Goal of the exercise: Transcribe all of the data verbatim, please, and leave out its pictures.

#####

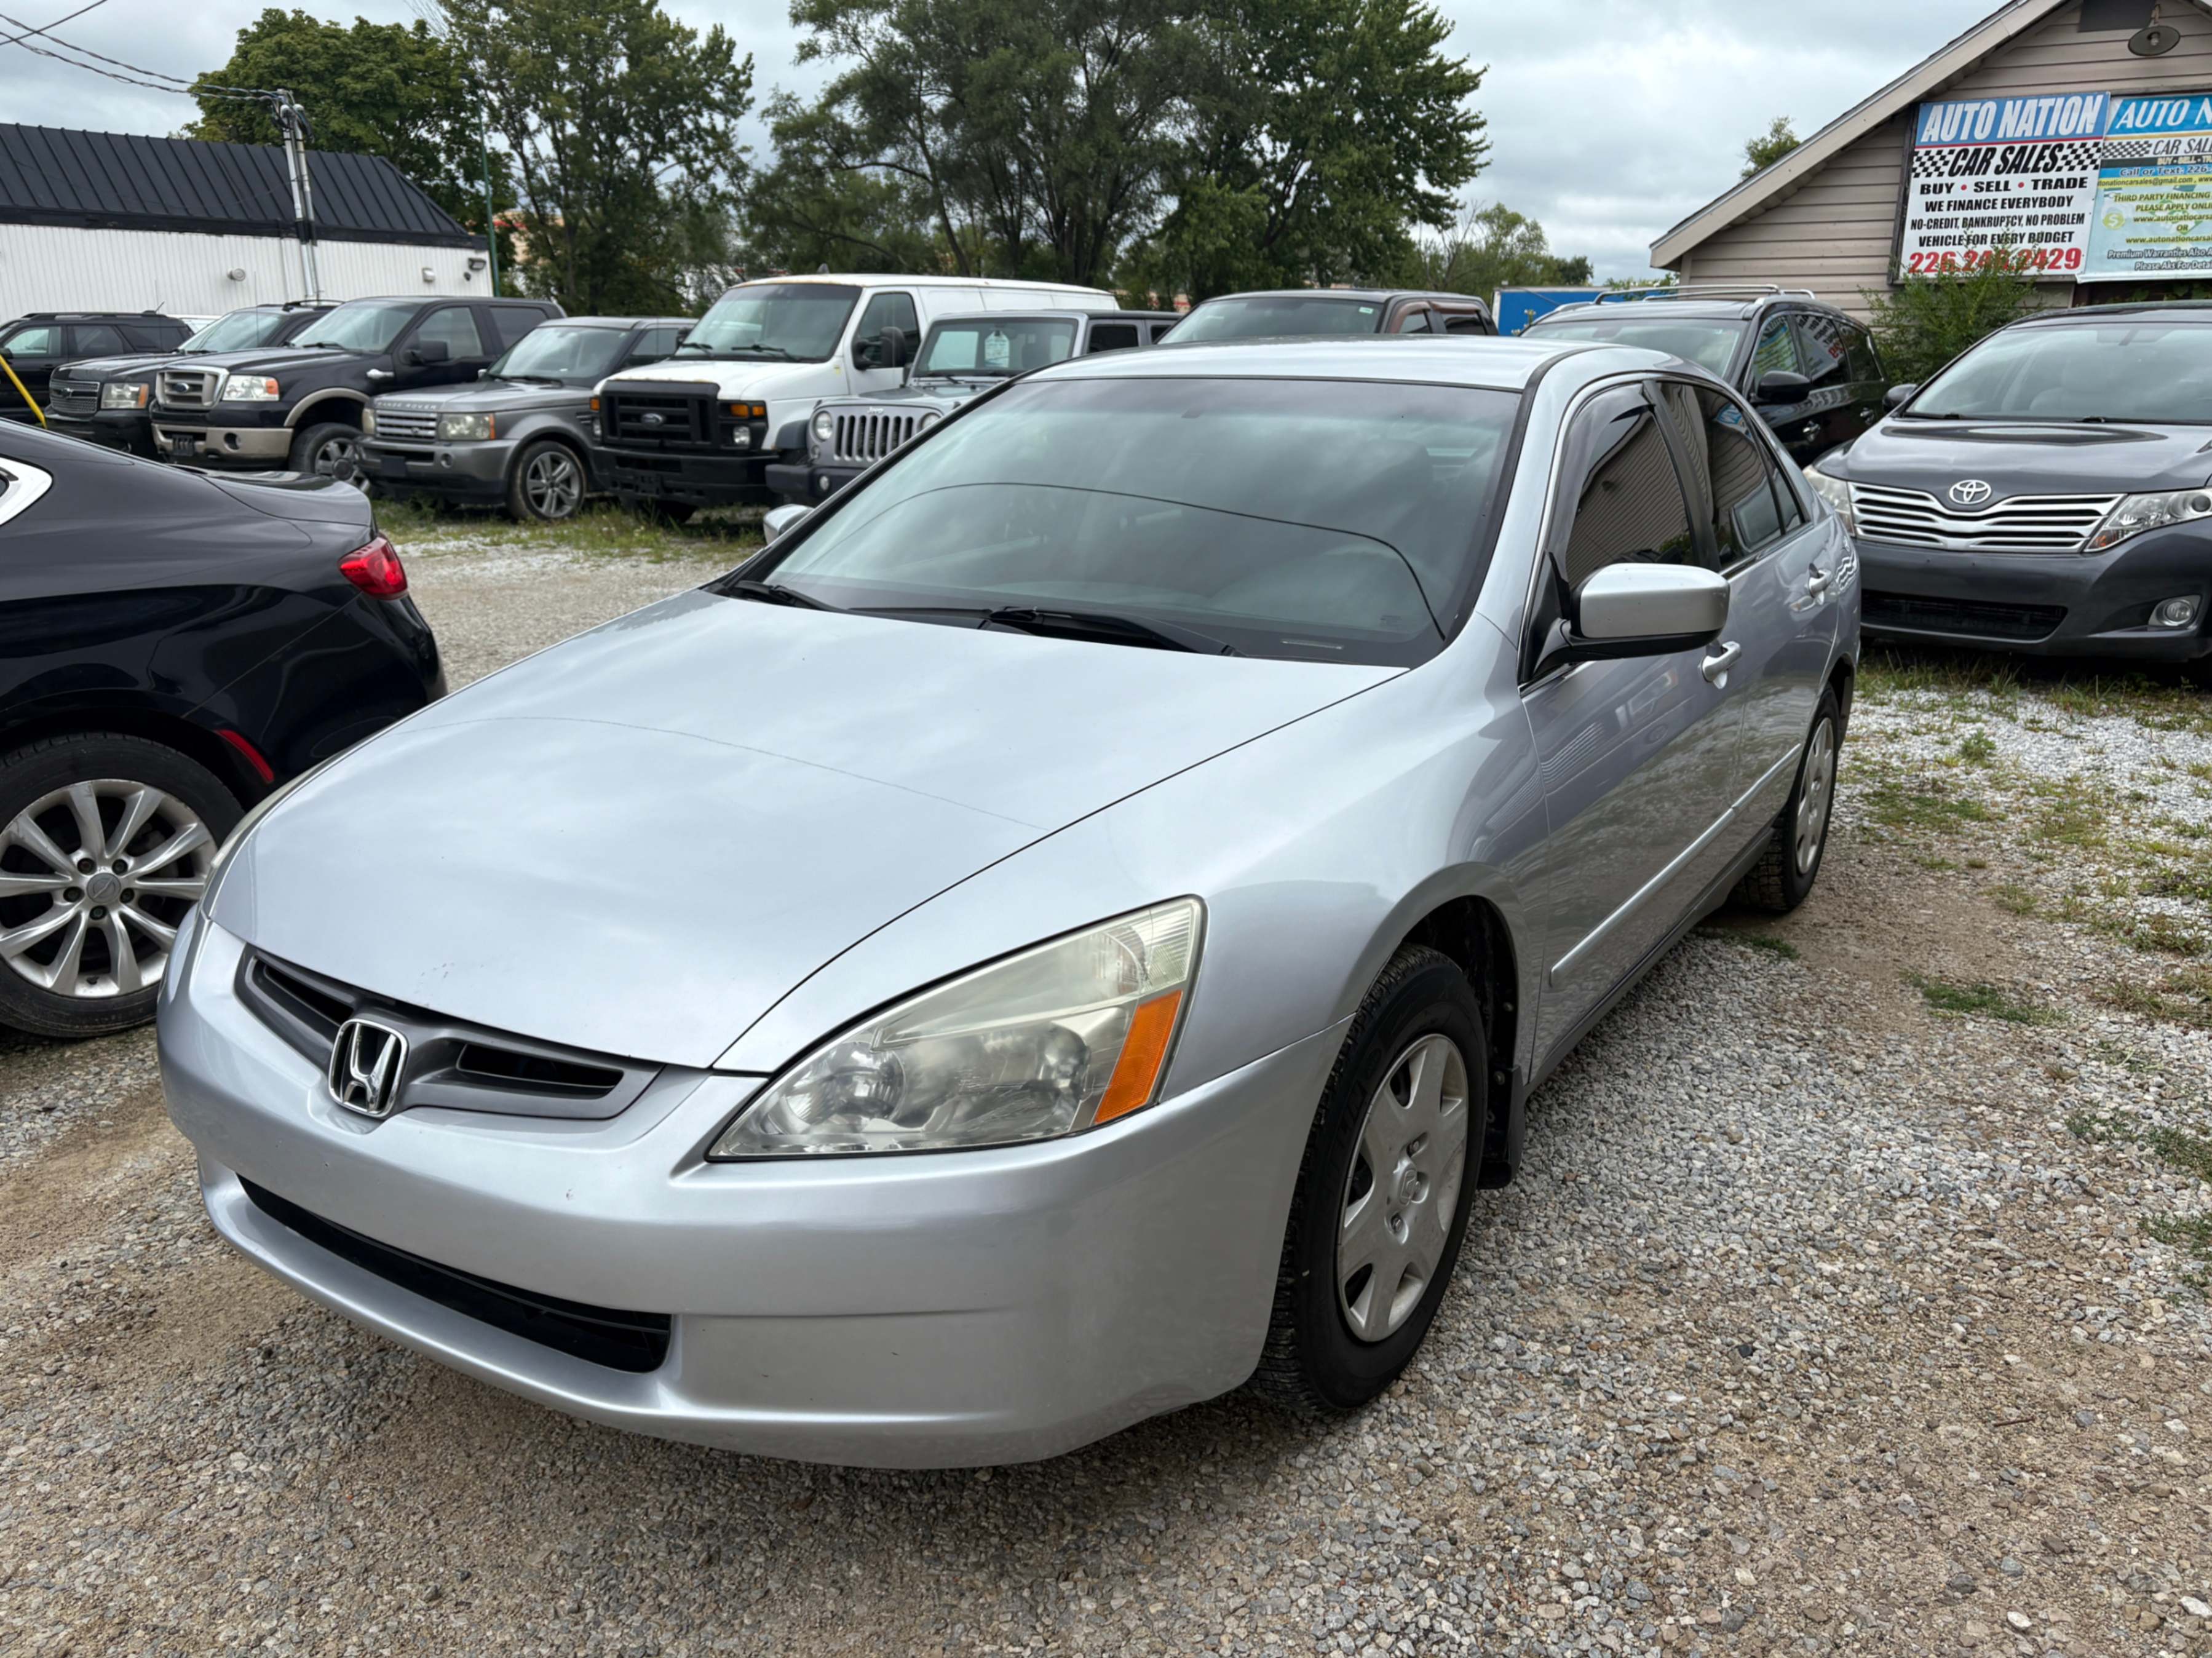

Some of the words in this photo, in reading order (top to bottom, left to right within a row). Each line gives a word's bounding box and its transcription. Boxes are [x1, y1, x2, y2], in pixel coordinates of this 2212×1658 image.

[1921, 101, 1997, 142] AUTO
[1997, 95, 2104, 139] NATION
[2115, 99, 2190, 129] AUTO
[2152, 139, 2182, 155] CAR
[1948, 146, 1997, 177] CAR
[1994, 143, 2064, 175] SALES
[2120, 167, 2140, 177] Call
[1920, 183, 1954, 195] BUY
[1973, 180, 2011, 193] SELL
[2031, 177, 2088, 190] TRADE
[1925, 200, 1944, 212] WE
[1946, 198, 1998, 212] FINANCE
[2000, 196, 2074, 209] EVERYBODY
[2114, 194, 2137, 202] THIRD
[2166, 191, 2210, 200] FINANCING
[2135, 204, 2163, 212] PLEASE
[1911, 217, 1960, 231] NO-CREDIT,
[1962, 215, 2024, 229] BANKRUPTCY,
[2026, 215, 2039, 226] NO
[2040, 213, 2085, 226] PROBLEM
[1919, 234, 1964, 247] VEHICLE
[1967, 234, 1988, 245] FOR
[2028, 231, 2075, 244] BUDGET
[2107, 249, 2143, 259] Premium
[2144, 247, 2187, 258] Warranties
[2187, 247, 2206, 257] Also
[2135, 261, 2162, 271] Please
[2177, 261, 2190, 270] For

#####

Result:
Some of the words in this photo, in reading order (top to bottom, left to right within a row). Each line gives a word's bounding box and its transcription. Boxes are [x1, y1, x2, y2], in pixel coordinates of this 2212×1658 image.

[1921, 101, 1997, 142] AUTO
[1997, 95, 2104, 139] NATION
[2115, 99, 2190, 129] AUTO
[2152, 139, 2182, 155] CAR
[1948, 146, 1997, 177] CAR
[1994, 143, 2064, 175] SALES
[2120, 167, 2140, 177] Call
[1920, 183, 1954, 195] BUY
[1973, 180, 2011, 193] SELL
[2031, 177, 2088, 190] TRADE
[1925, 200, 1944, 212] WE
[1946, 198, 1998, 212] FINANCE
[2000, 196, 2074, 209] EVERYBODY
[2114, 194, 2137, 202] THIRD
[2166, 191, 2210, 200] FINANCING
[2135, 204, 2163, 212] PLEASE
[1911, 217, 1960, 231] NO-CREDIT,
[1962, 215, 2024, 229] BANKRUPTCY,
[2026, 215, 2039, 226] NO
[2040, 213, 2085, 226] PROBLEM
[1919, 234, 1964, 247] VEHICLE
[1967, 234, 1988, 245] FOR
[2028, 231, 2075, 244] BUDGET
[2107, 249, 2143, 259] Premium
[2144, 247, 2187, 258] Warranties
[2187, 247, 2206, 257] Also
[2135, 261, 2162, 271] Please
[2177, 261, 2190, 270] For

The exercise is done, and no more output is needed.